* [WHAT YOU SHOULD DO] Images are to be omitted, and the rest of the records reproduced exactly.

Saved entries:
┌────────
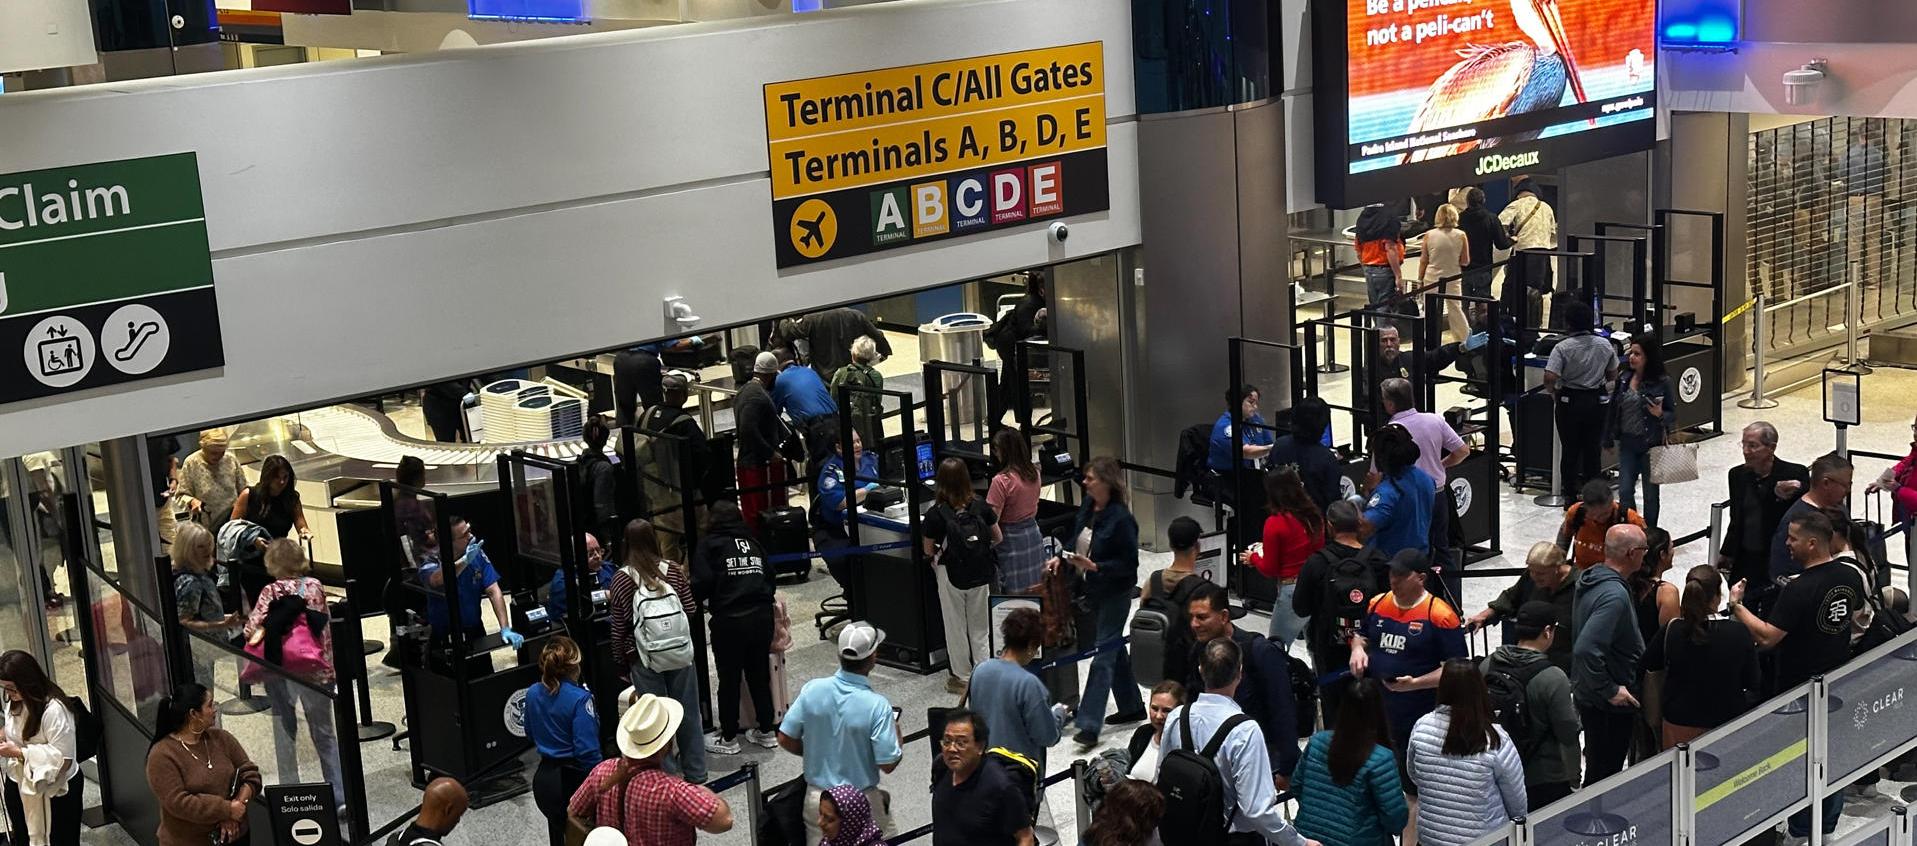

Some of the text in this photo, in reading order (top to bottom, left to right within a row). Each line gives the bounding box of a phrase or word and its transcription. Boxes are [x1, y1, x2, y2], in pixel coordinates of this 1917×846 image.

[1366, 0, 1388, 15] Be
[1367, 9, 1494, 46] not a peli-can't
[780, 61, 1093, 127] Terminal C/All Gates
[785, 107, 1091, 184] Terminals A, B, D, E
[1475, 151, 1539, 176] JCDecaux
[0, 179, 130, 230] Claim
[876, 166, 1057, 233] A B C D E
[1032, 203, 1061, 215] TERMINAL
[957, 217, 985, 228] TERMINAL
[995, 211, 1023, 221] TERMINAL
[877, 231, 907, 242] TERMINAL
[1872, 688, 1904, 713] CLEAR
[283, 793, 317, 803] Exit only
[280, 804, 323, 813] Solo salida
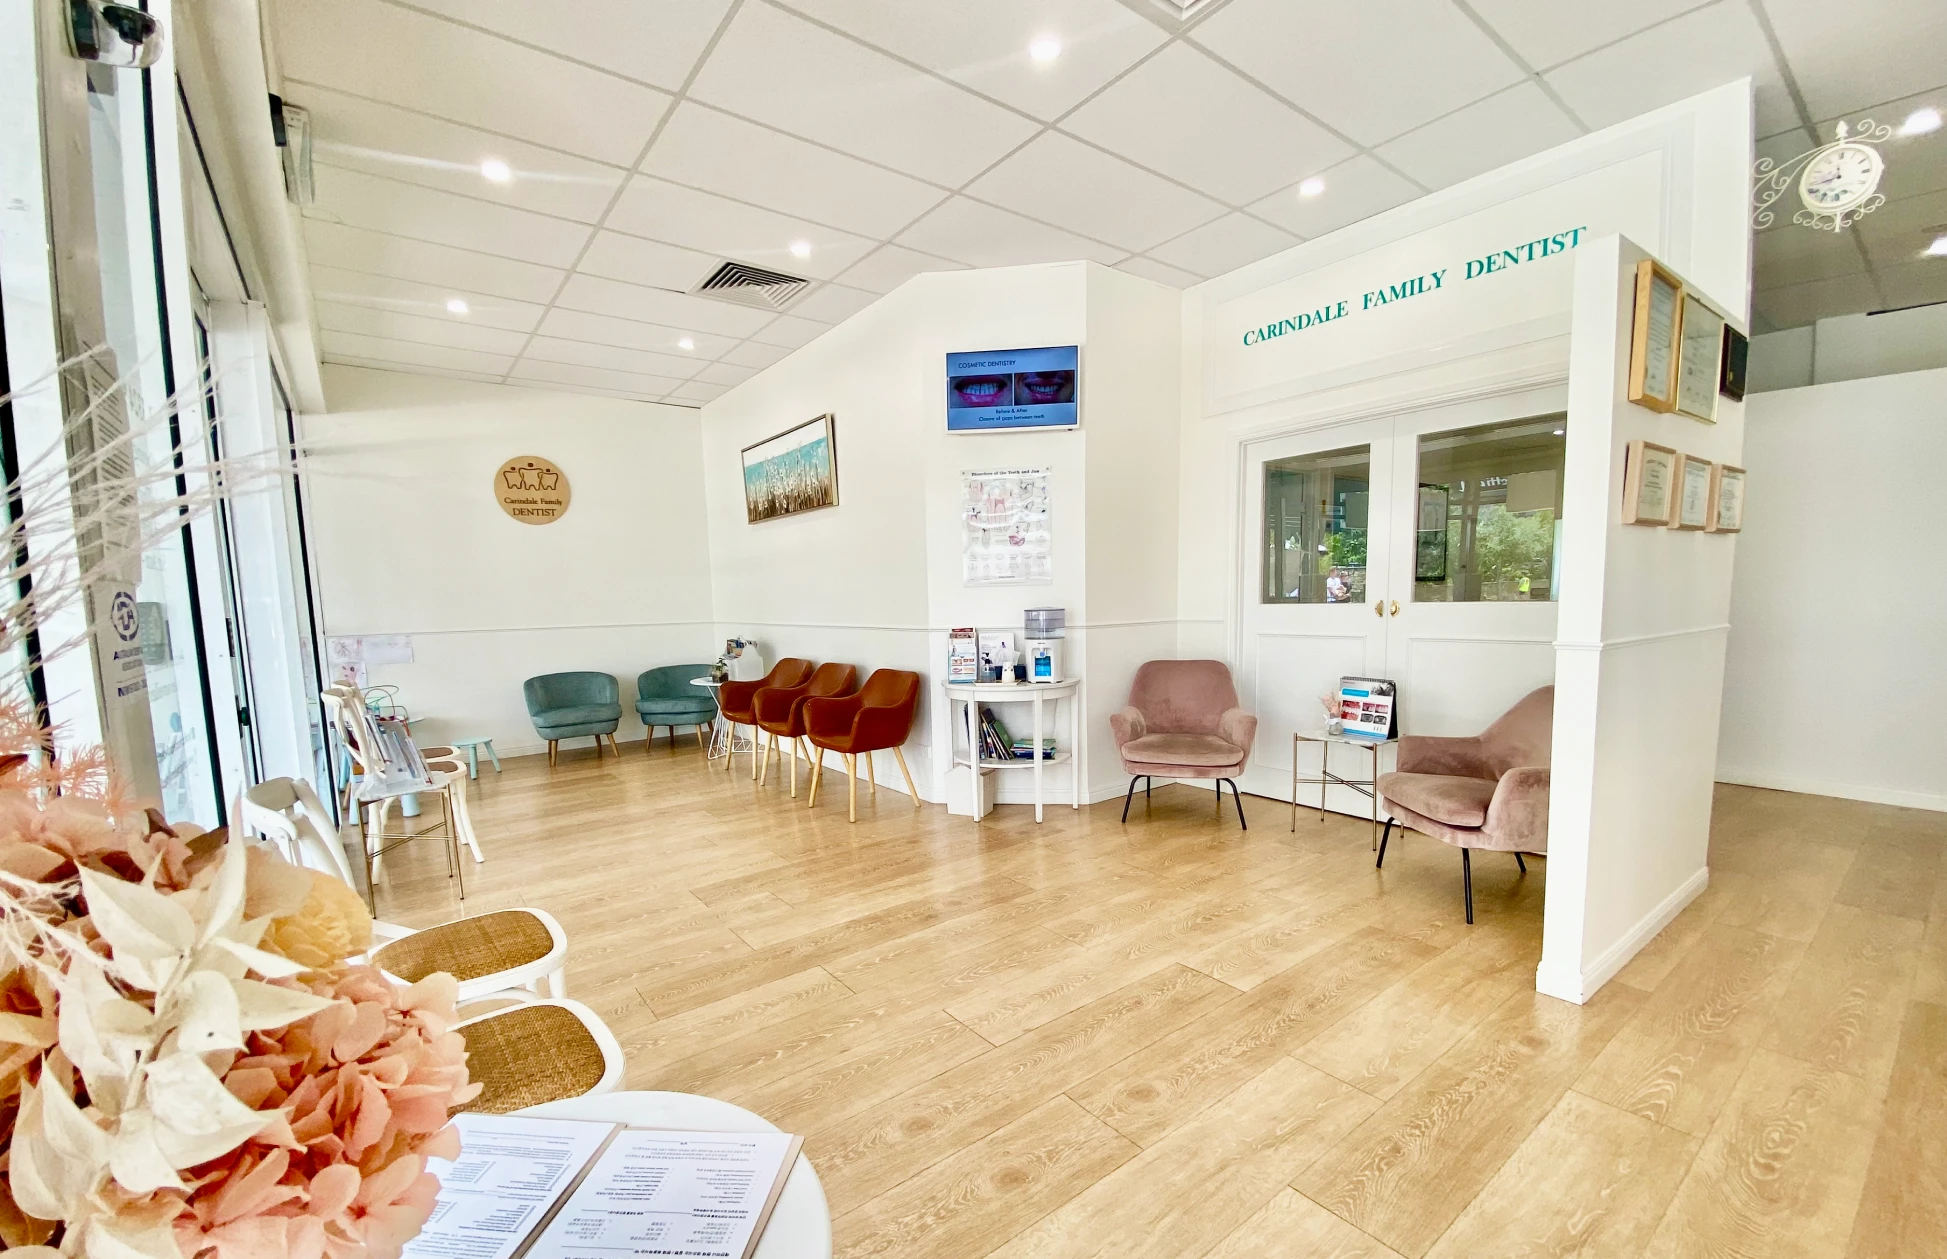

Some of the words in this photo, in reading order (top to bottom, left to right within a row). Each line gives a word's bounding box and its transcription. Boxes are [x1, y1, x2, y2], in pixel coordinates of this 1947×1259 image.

[1243, 300, 1349, 346] CARINDALE
[1362, 269, 1448, 311] FAMILY
[1464, 226, 1587, 281] DENTIST
[958, 361, 987, 369] COSMETIC
[504, 496, 539, 505] Carindale
[540, 497, 563, 506] Family
[512, 508, 557, 517] DENTIST
└────────
* [SOLUTION FOR THIS PROBLEM]
Some of the text in this photo, in reading order (top to bottom, left to right within a row). Each line gives the bounding box of a phrase or word and its transcription. Boxes are [x1, y1, x2, y2], in pixel coordinates of this 1917×846 image.

[1366, 0, 1388, 15] Be
[1367, 9, 1494, 46] not a peli-can't
[780, 61, 1093, 127] Terminal C/All Gates
[785, 107, 1091, 184] Terminals A, B, D, E
[1475, 151, 1539, 176] JCDecaux
[0, 179, 130, 230] Claim
[876, 166, 1057, 233] A B C D E
[1032, 203, 1061, 215] TERMINAL
[957, 217, 985, 228] TERMINAL
[995, 211, 1023, 221] TERMINAL
[877, 231, 907, 242] TERMINAL
[1872, 688, 1904, 713] CLEAR
[283, 793, 317, 803] Exit only
[280, 804, 323, 813] Solo salida

Some of the words in this photo, in reading order (top to bottom, left to right within a row). Each line gives a word's bounding box and its transcription. Boxes are [x1, y1, x2, y2], in pixel coordinates of this 1947×1259 image.

[1243, 300, 1349, 346] CARINDALE
[1362, 269, 1448, 311] FAMILY
[1464, 226, 1587, 281] DENTIST
[958, 361, 987, 369] COSMETIC
[504, 496, 539, 505] Carindale
[540, 497, 563, 506] Family
[512, 508, 557, 517] DENTIST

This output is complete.